Every entry below should be printed exactly.

** Opening PROVIDED RECORDS block **

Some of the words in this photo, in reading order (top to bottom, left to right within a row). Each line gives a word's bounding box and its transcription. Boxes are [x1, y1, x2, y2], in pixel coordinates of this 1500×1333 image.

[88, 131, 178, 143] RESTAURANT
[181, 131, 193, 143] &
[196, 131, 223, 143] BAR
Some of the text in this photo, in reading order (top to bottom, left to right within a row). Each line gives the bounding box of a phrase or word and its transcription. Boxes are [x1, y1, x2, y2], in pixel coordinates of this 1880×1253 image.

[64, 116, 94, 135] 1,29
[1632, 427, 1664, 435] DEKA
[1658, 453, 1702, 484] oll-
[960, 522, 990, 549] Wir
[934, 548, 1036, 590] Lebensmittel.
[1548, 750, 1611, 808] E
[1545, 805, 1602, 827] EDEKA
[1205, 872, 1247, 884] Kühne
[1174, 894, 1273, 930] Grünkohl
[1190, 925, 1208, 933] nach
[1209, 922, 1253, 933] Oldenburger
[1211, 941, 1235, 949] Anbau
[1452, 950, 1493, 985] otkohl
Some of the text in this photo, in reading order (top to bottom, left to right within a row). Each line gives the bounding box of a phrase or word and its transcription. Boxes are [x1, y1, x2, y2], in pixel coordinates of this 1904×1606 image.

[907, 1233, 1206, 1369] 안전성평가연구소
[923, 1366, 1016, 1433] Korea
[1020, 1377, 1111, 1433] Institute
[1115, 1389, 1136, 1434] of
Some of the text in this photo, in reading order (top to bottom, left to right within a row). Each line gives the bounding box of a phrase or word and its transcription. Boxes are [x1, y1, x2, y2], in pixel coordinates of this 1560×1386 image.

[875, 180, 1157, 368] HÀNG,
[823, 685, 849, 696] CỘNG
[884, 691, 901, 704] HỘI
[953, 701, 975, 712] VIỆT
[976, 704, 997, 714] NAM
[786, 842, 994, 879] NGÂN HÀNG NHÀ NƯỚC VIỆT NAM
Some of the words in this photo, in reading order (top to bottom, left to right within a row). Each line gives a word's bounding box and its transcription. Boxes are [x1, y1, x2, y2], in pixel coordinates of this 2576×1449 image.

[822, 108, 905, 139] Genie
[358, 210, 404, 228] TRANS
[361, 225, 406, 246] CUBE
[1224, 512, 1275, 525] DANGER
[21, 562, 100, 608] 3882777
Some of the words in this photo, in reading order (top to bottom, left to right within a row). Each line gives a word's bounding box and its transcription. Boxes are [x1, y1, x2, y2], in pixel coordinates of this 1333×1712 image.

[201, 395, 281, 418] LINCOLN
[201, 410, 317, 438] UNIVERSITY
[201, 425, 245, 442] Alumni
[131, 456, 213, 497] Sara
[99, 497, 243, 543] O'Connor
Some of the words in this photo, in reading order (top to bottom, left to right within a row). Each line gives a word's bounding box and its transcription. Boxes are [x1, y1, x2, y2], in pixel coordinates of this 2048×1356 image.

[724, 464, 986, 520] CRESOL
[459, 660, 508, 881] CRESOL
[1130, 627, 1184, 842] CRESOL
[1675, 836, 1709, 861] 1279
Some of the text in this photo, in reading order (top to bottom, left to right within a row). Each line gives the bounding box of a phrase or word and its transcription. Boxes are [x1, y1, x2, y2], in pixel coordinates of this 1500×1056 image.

** Closing PROVIDED RECORDS block **

### ANSWER BELOW:
Some of the words in this photo, in reading order (top to bottom, left to right within a row). Each line gives a word's bounding box and its transcription. Boxes are [x1, y1, x2, y2], in pixel coordinates of this 1500×1333 image.

[88, 131, 178, 143] RESTAURANT
[181, 131, 193, 143] &
[196, 131, 223, 143] BAR
Some of the text in this photo, in reading order (top to bottom, left to right within a row). Each line gives the bounding box of a phrase or word and its transcription. Boxes are [x1, y1, x2, y2], in pixel coordinates of this 1880×1253 image.

[64, 116, 94, 135] 1,29
[1632, 427, 1664, 435] DEKA
[1658, 453, 1702, 484] oll-
[960, 522, 990, 549] Wir
[934, 548, 1036, 590] Lebensmittel.
[1548, 750, 1611, 808] E
[1545, 805, 1602, 827] EDEKA
[1205, 872, 1247, 884] Kühne
[1174, 894, 1273, 930] Grünkohl
[1190, 925, 1208, 933] nach
[1209, 922, 1253, 933] Oldenburger
[1211, 941, 1235, 949] Anbau
[1452, 950, 1493, 985] otkohl
Some of the text in this photo, in reading order (top to bottom, left to right within a row). Each line gives the bounding box of a phrase or word and its transcription. Boxes are [x1, y1, x2, y2], in pixel coordinates of this 1904×1606 image.

[907, 1233, 1206, 1369] 안전성평가연구소
[923, 1366, 1016, 1433] Korea
[1020, 1377, 1111, 1433] Institute
[1115, 1389, 1136, 1434] of
Some of the text in this photo, in reading order (top to bottom, left to right within a row). Each line gives the bounding box of a phrase or word and its transcription. Boxes are [x1, y1, x2, y2], in pixel coordinates of this 1560×1386 image.

[875, 180, 1157, 368] HÀNG,
[823, 685, 849, 696] CỘNG
[884, 691, 901, 704] HỘI
[953, 701, 975, 712] VIỆT
[976, 704, 997, 714] NAM
[786, 842, 994, 879] NGÂN HÀNG NHÀ NƯỚC VIỆT NAM
Some of the words in this photo, in reading order (top to bottom, left to right within a row). Each line gives a word's bounding box and its transcription. Boxes are [x1, y1, x2, y2], in pixel coordinates of this 2576×1449 image.

[822, 108, 905, 139] Genie
[358, 210, 404, 228] TRANS
[361, 225, 406, 246] CUBE
[1224, 512, 1275, 525] DANGER
[21, 562, 100, 608] 3882777
Some of the words in this photo, in reading order (top to bottom, left to right within a row). Each line gives a word's bounding box and its transcription. Boxes are [x1, y1, x2, y2], in pixel coordinates of this 1333×1712 image.

[201, 395, 281, 418] LINCOLN
[201, 410, 317, 438] UNIVERSITY
[201, 425, 245, 442] Alumni
[131, 456, 213, 497] Sara
[99, 497, 243, 543] O'Connor
Some of the words in this photo, in reading order (top to bottom, left to right within a row). Each line gives a word's bounding box and its transcription. Boxes are [x1, y1, x2, y2], in pixel coordinates of this 2048×1356 image.

[724, 464, 986, 520] CRESOL
[459, 660, 508, 881] CRESOL
[1130, 627, 1184, 842] CRESOL
[1675, 836, 1709, 861] 1279
Some of the text in this photo, in reading order (top to bottom, left to right within a row). Each line gives the bounding box of a phrase or word and its transcription. Boxes are [x1, y1, x2, y2], in pixel coordinates of this 1500×1056 image.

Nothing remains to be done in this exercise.